San Francisco Planning Director Sarah Dennis Phillips used KALW’s State of the Bay to walk through California’s latest housing laws while the city’s own numbers underscored the gap between state mandates and local delivery. San Francisco was assigned more than 82,000 homes by 2031, but by early July 2026 it had built just over 5,000.
The discussion aired July 14 and came after Gov. Gavin Newsom signed AB 130 and SB 131 on June 30, 2025, as part of the 2025-2026 state budget. Terner Center for Housing Innovation has described 2025 as a banner year for housing supply and land-use reform, building on earlier legislation including SB 35 in 2017, SB 330 in 2019 and SB 423 in 2023.
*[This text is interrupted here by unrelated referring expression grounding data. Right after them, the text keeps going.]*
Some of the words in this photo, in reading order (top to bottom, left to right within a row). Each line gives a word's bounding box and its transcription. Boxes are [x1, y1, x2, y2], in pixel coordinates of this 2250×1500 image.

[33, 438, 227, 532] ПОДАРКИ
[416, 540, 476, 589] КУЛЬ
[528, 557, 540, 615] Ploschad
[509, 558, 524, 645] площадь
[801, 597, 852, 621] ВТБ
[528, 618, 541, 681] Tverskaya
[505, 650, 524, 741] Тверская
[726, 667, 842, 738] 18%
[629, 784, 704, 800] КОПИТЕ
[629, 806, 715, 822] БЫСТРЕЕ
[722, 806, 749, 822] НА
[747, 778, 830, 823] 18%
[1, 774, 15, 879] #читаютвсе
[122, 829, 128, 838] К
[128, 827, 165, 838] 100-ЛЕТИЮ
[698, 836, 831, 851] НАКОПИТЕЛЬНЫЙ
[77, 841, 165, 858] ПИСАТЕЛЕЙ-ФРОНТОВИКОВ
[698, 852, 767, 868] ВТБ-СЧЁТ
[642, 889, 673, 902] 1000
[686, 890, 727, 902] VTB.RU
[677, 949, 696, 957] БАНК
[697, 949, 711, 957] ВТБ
Phillips, who was appointed by Mayor Daniel Lurie in June 2025, is the first woman to serve as San Francisco planning director. Her arrival came as the city was already under pressure to move faster on housing approvals, and the state kept tightening the screws in 2026 with new reforms aimed at speeding production, cutting costs and addressing home insurance problems.
The practical bottlenecks remain local. Permit delays and impact fees can run up to $100,000 per home before construction begins, a burden that can reshape whether a project pencils out in the first place. That makes San Francisco’s Planning Department, along with other city offices, a critical choke point even as Sacramento pushes preemption and streamlining to reduce the time and money needed to get housing built.
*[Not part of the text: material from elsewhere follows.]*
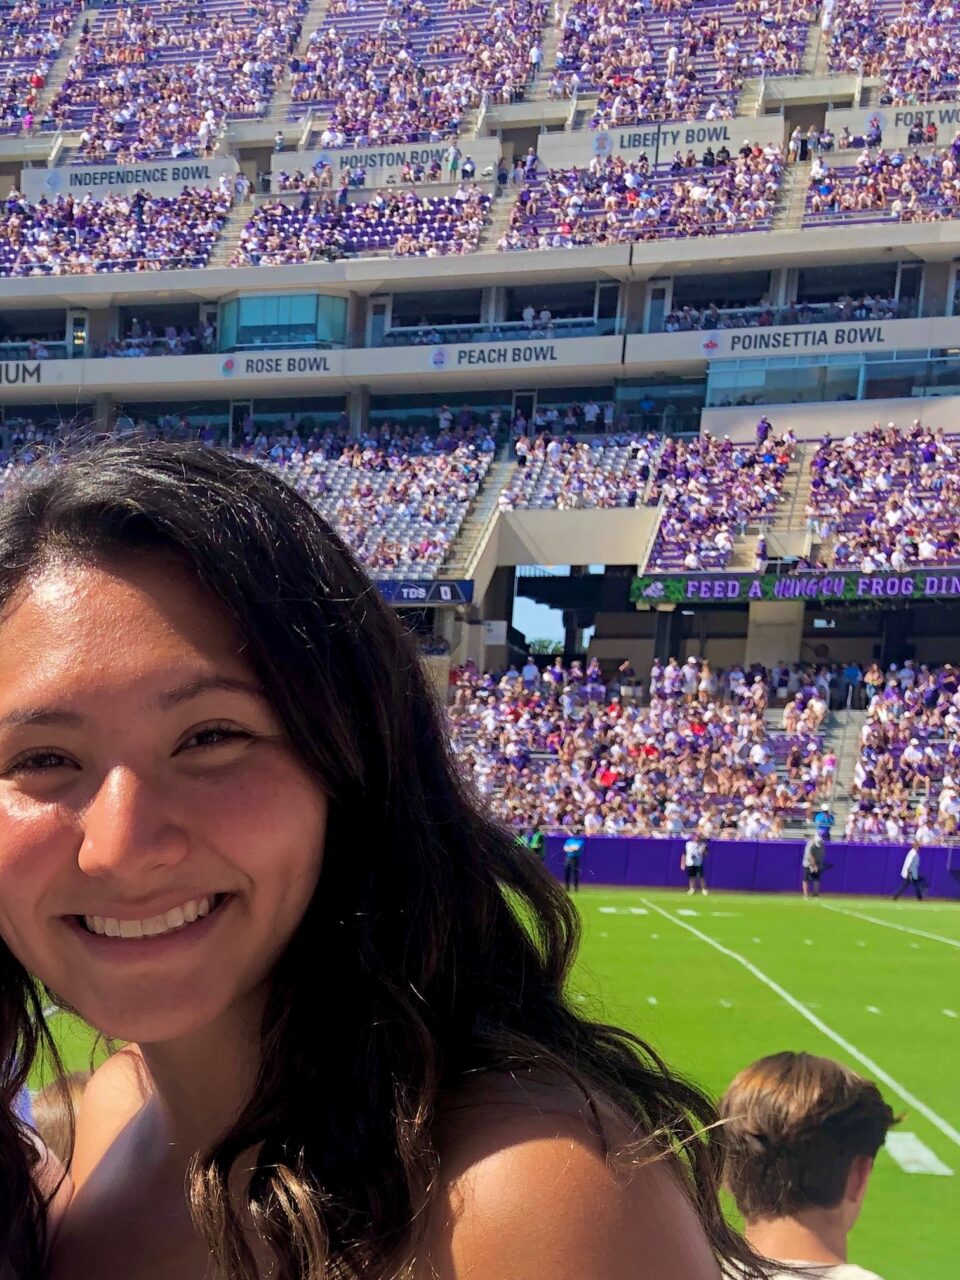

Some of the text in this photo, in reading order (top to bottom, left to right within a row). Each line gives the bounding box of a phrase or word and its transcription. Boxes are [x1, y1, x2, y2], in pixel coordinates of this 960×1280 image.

California’s new cabinet-level housing and homelessness agency began operating July 1, 2026, adding another layer to a statewide effort to speed approvals and push cities toward compliance. In San Francisco, the question for renters and first-time buyers is not whether the state wants more housing, but how quickly the city can turn those mandates into permits, financing and finished units before more years slip by with most of its RHNA target still unmet.